» **What the task requires**: Write out the data below exactly as given, without any of its pictures.

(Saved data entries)

┌──

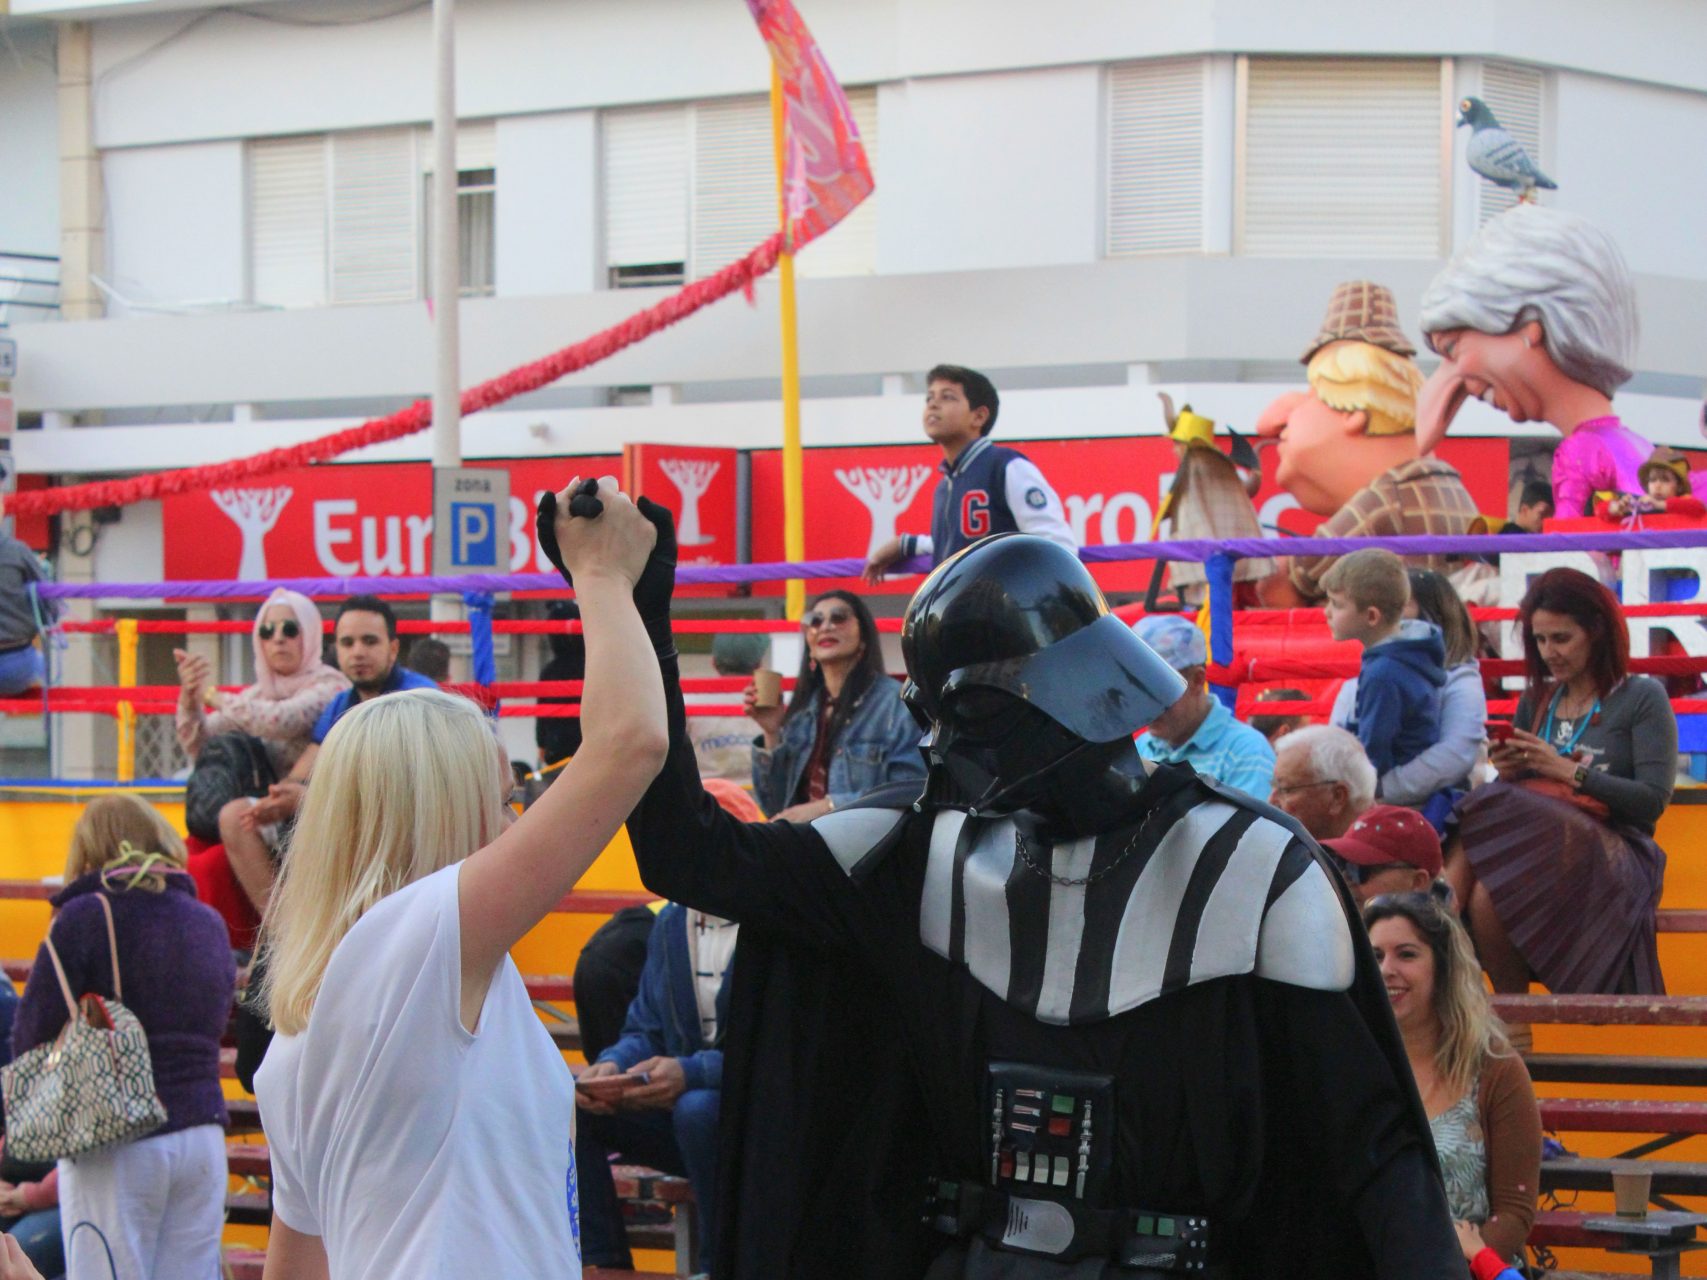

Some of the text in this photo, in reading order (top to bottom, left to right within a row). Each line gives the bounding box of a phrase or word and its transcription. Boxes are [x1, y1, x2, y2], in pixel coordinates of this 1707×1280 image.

[455, 478, 491, 493] zona
[459, 507, 489, 563] P
[961, 489, 990, 538] G
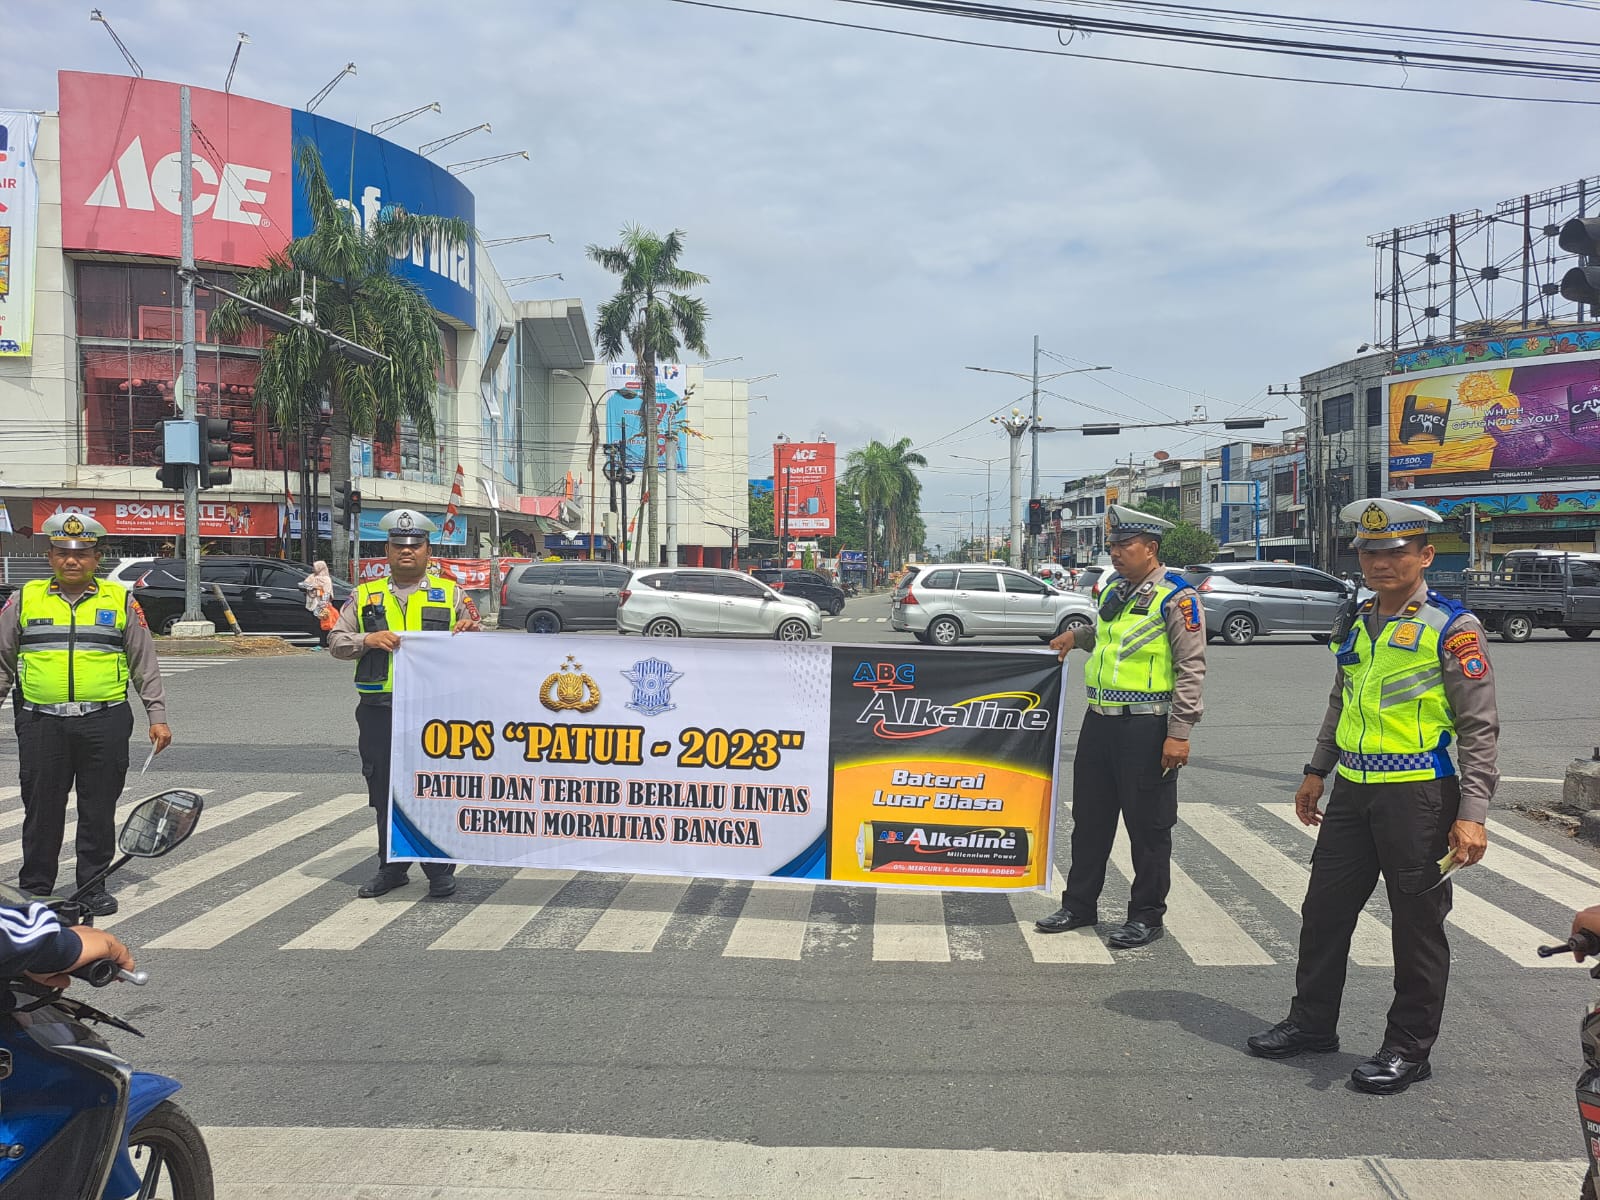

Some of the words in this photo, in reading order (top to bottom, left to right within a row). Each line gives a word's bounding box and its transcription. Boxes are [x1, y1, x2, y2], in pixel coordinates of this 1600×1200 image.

└──

» **Solved problem**:
Some of the text in this photo, in reading order (top to bottom, left to right within a row). Each line gives the bounding box of a phrase or word and its transcription. Boxes are [x1, y1, x2, y2], in pixel coordinates of this 1707×1280 image.

[455, 478, 491, 493] zona
[459, 507, 489, 563] P
[961, 489, 990, 538] G

Some of the words in this photo, in reading order (top to bottom, left to right within a row). Each line gives a word's bounding box and its transcription. Boxes are [x1, y1, x2, y2], in pixel coordinates of this 1600×1200 image.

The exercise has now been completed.